• **Material supplied**:

◇ ◇ ◇ ◇

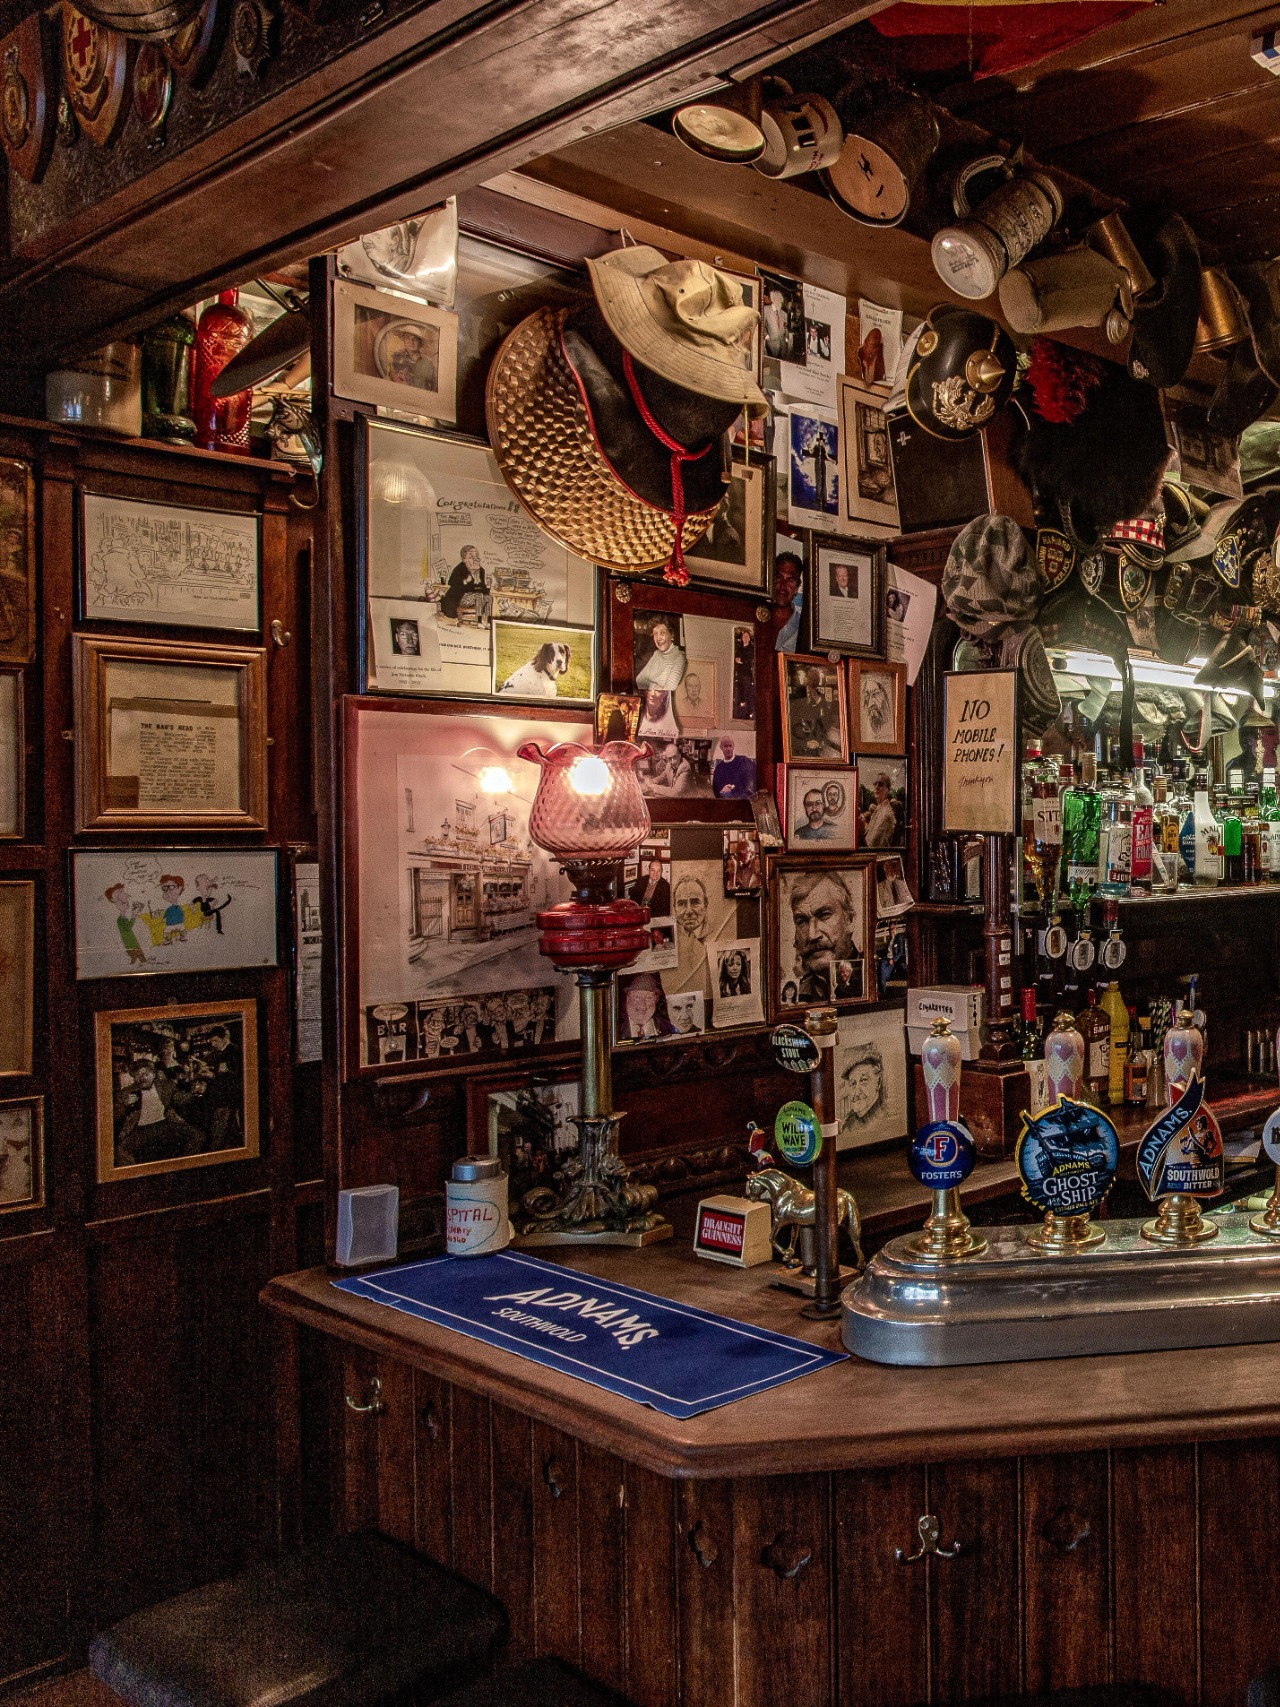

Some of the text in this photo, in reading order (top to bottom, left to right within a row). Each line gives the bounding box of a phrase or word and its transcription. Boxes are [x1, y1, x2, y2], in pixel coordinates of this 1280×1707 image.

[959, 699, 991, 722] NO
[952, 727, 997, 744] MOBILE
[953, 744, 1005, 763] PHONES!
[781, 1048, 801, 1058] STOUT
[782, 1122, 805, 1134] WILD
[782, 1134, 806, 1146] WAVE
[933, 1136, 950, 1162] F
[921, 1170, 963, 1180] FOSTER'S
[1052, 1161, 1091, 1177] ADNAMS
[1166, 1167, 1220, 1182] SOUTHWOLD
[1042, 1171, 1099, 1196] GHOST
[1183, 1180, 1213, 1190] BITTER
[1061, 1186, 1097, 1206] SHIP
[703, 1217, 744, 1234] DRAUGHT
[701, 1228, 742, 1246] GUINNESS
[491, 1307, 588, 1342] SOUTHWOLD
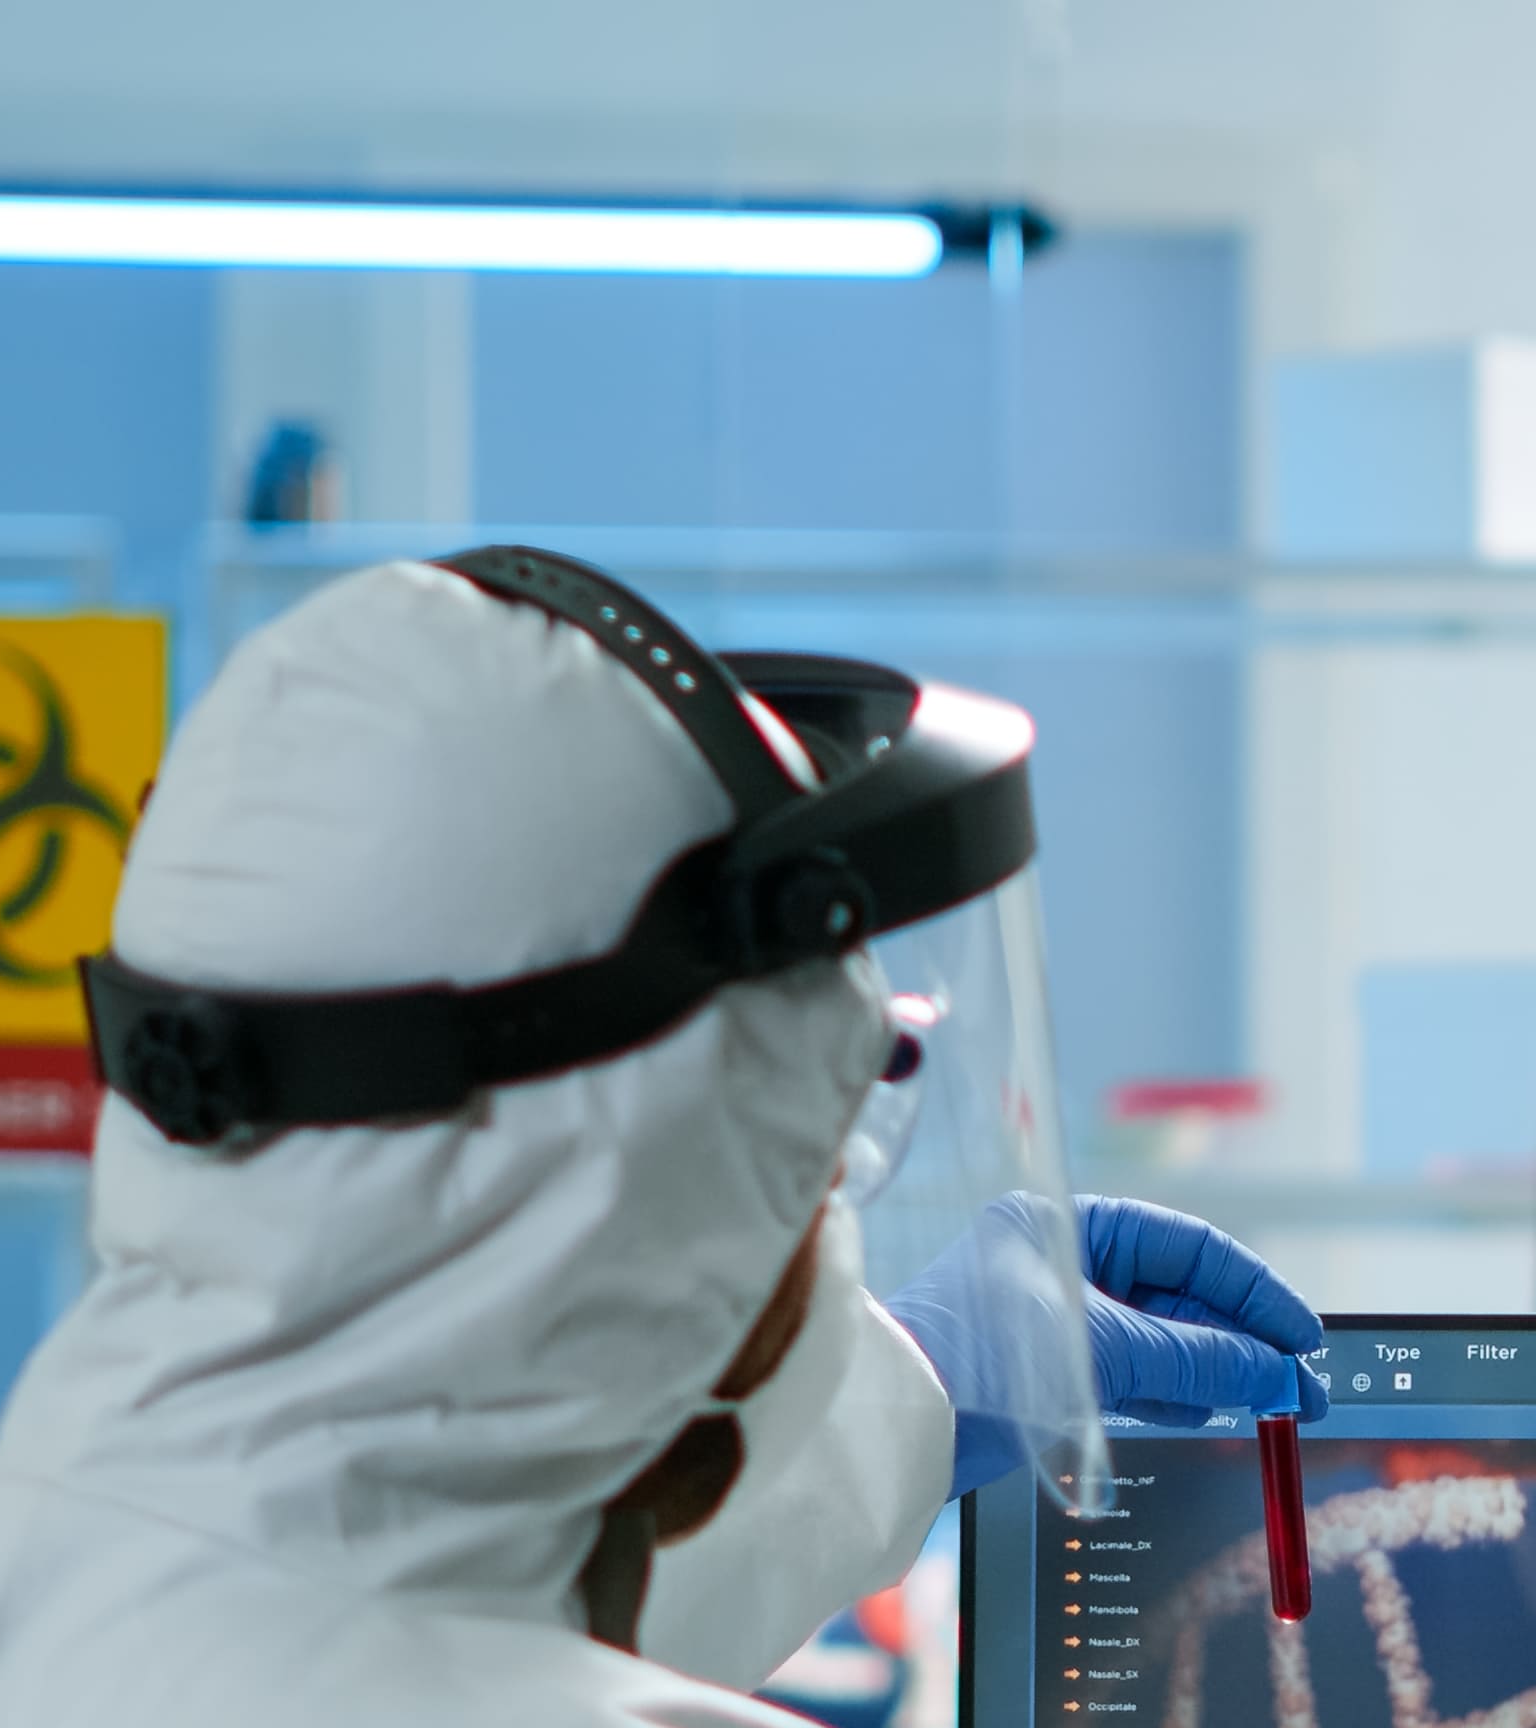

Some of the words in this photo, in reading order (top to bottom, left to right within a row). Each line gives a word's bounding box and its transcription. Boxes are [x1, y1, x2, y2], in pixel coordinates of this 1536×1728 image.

◇ ◇ ◇ ◇

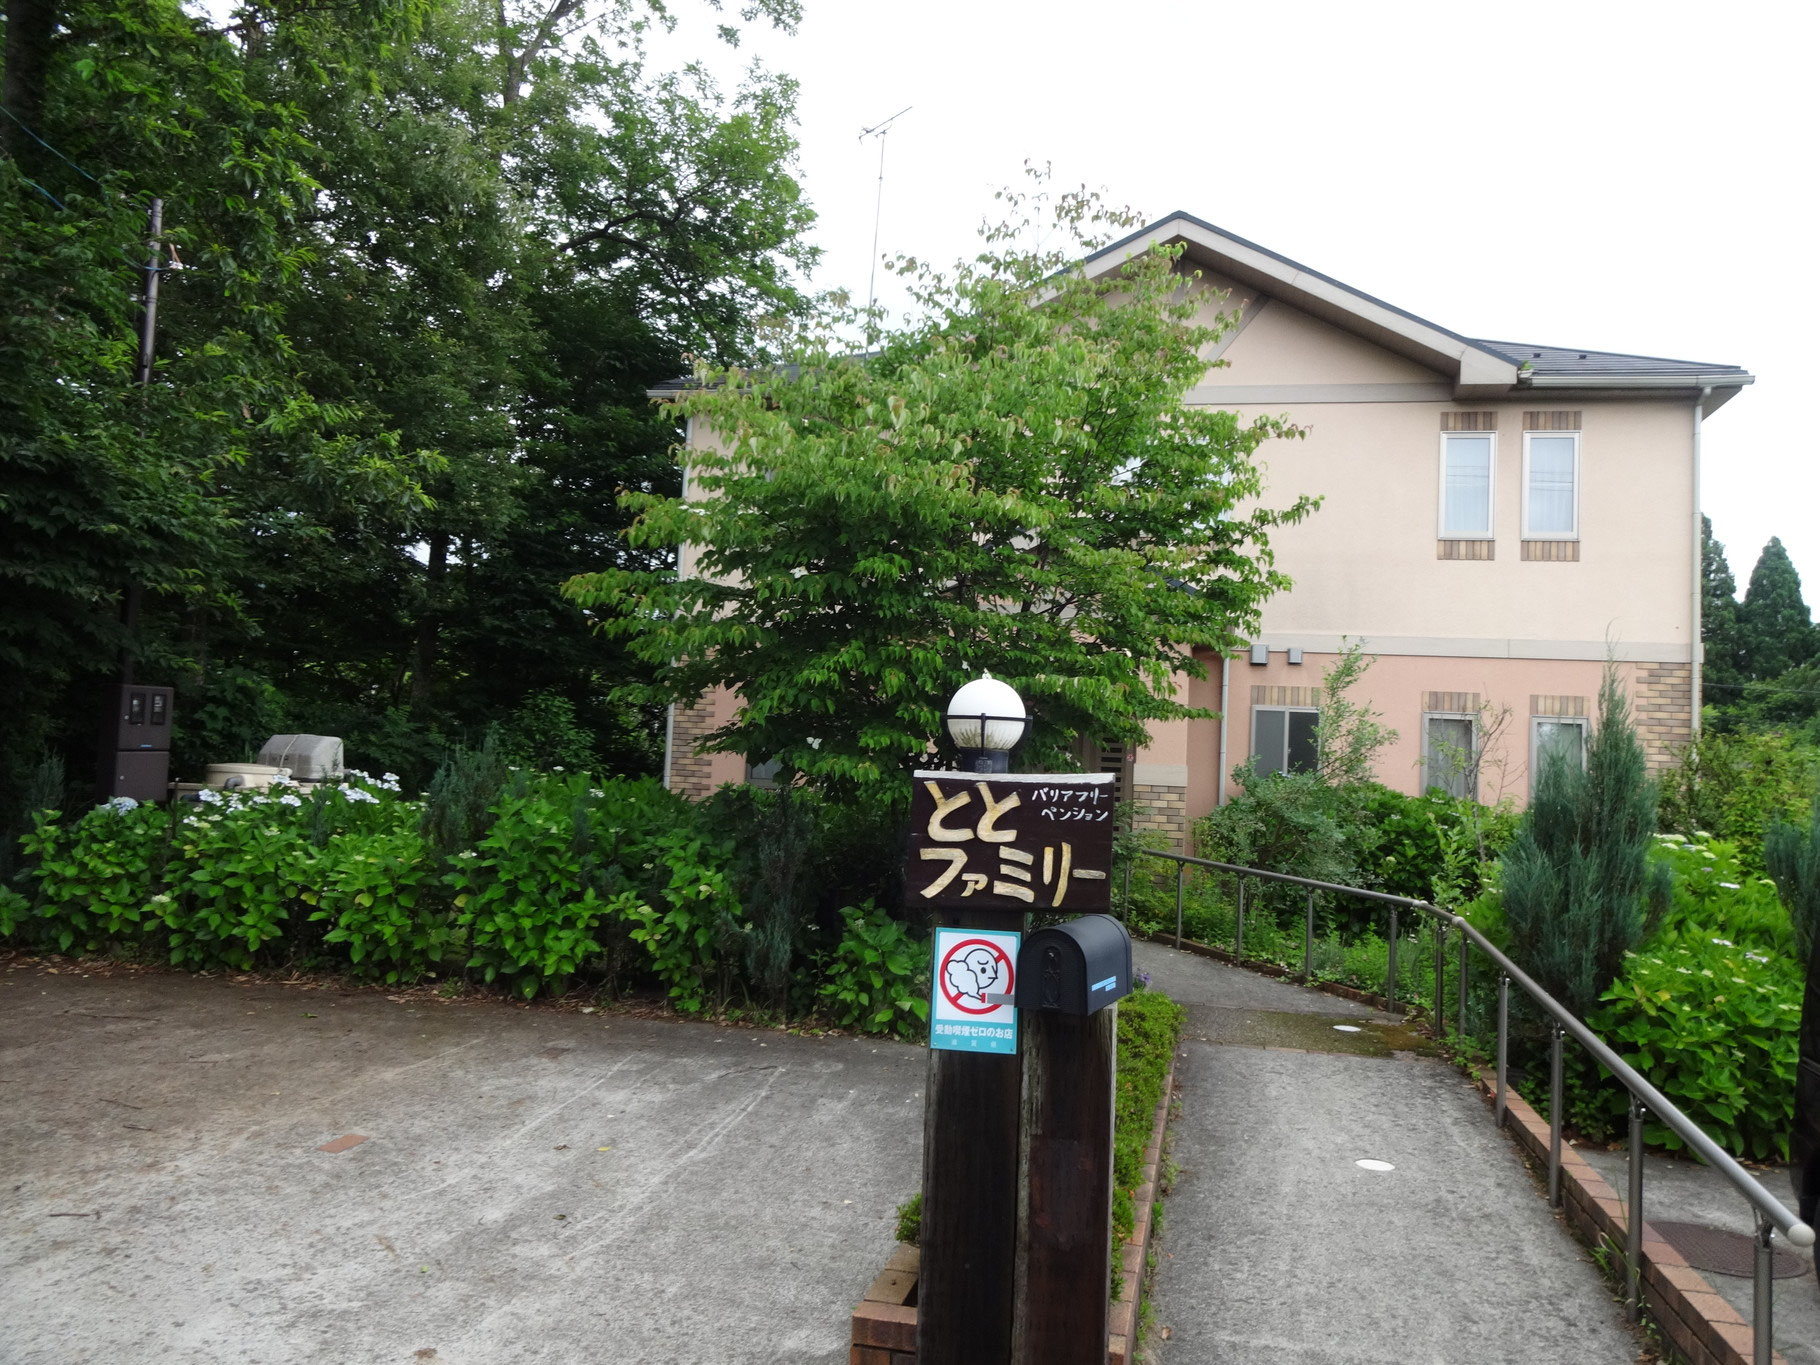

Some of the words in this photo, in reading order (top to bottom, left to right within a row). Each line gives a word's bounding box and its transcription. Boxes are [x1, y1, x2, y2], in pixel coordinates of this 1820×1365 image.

◇ ◇ ◇ ◇

• **Problem description**: The copy should hold only the lines from the one with "Some of the text" through the one with "this 1536×1728 image.", exactly as they stand above. Leave out the pictures.

• **Exercise answer**:
Some of the text in this photo, in reading order (top to bottom, left to right within a row). Each line gives the bounding box of a phrase or word and its transcription. Boxes are [x1, y1, x2, y2], in pixel coordinates of this 1280×1707 image.

[959, 699, 991, 722] NO
[952, 727, 997, 744] MOBILE
[953, 744, 1005, 763] PHONES!
[781, 1048, 801, 1058] STOUT
[782, 1122, 805, 1134] WILD
[782, 1134, 806, 1146] WAVE
[933, 1136, 950, 1162] F
[921, 1170, 963, 1180] FOSTER'S
[1052, 1161, 1091, 1177] ADNAMS
[1166, 1167, 1220, 1182] SOUTHWOLD
[1042, 1171, 1099, 1196] GHOST
[1183, 1180, 1213, 1190] BITTER
[1061, 1186, 1097, 1206] SHIP
[703, 1217, 744, 1234] DRAUGHT
[701, 1228, 742, 1246] GUINNESS
[491, 1307, 588, 1342] SOUTHWOLD

Some of the words in this photo, in reading order (top to bottom, left to right within a row). Each line gives a word's bounding box and its transcription. Boxes are [x1, y1, x2, y2], in pixel coordinates of this 1536×1728 image.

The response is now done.